## Work required:
Copy out each entry below verbatim, skipping the images.

## Data shown:
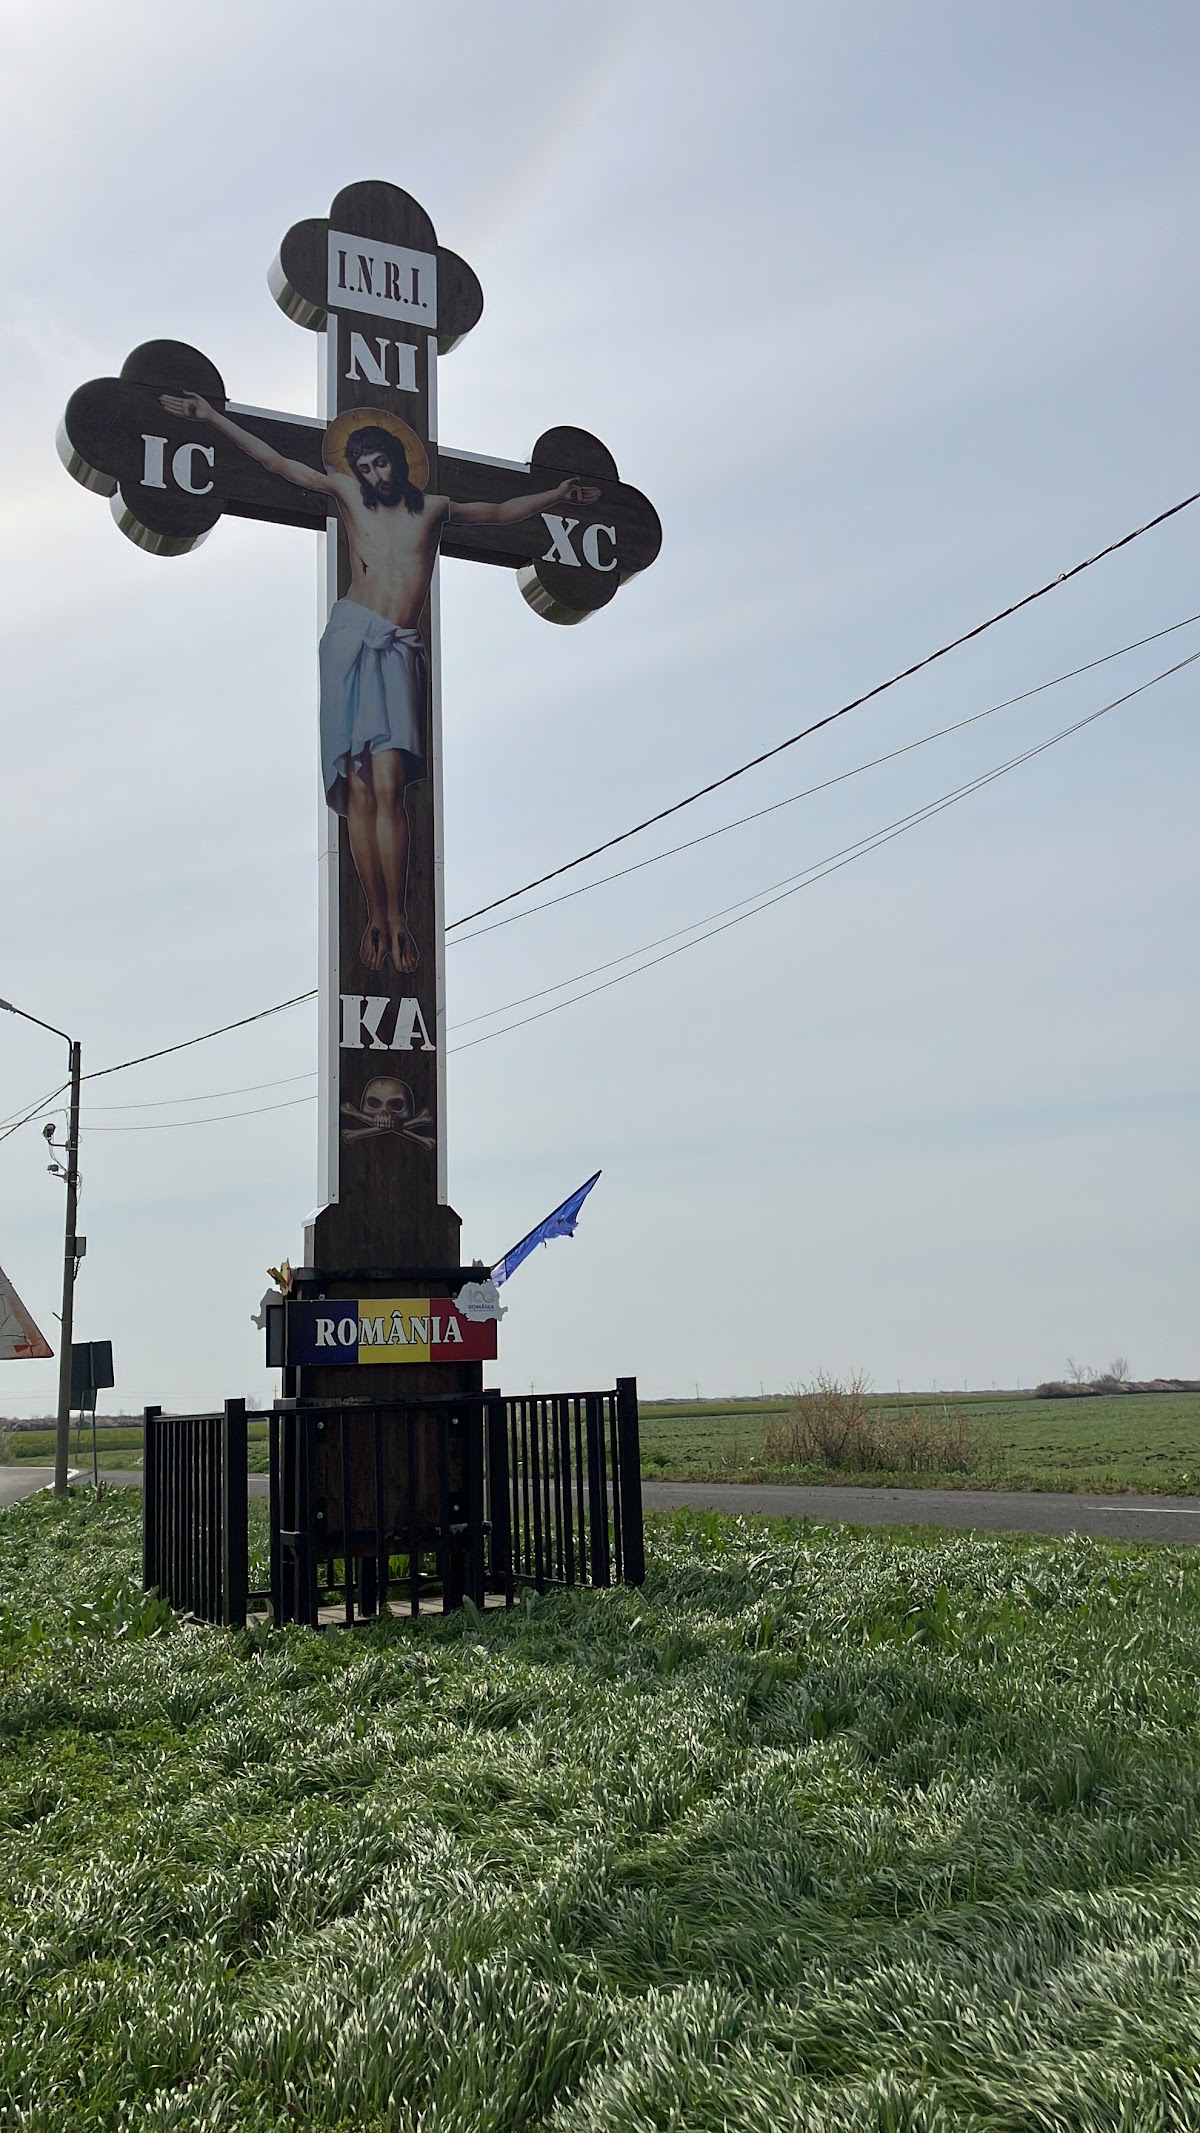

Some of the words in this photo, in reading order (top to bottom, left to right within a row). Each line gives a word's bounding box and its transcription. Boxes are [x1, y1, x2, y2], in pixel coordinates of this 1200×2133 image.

[338, 250, 427, 308] I.N.R.I.
[345, 332, 419, 392] NI
[140, 434, 214, 495] IC
[541, 513, 617, 571] XC
[339, 994, 436, 1051] KA
[315, 1310, 463, 1346] ROMÂNIA

## Result for this task:
Some of the words in this photo, in reading order (top to bottom, left to right within a row). Each line gives a word's bounding box and its transcription. Boxes are [x1, y1, x2, y2], in pixel coordinates of this 1200×2133 image.

[338, 250, 427, 308] I.N.R.I.
[345, 332, 419, 392] NI
[140, 434, 214, 495] IC
[541, 513, 617, 571] XC
[339, 994, 436, 1051] KA
[315, 1310, 463, 1346] ROMÂNIA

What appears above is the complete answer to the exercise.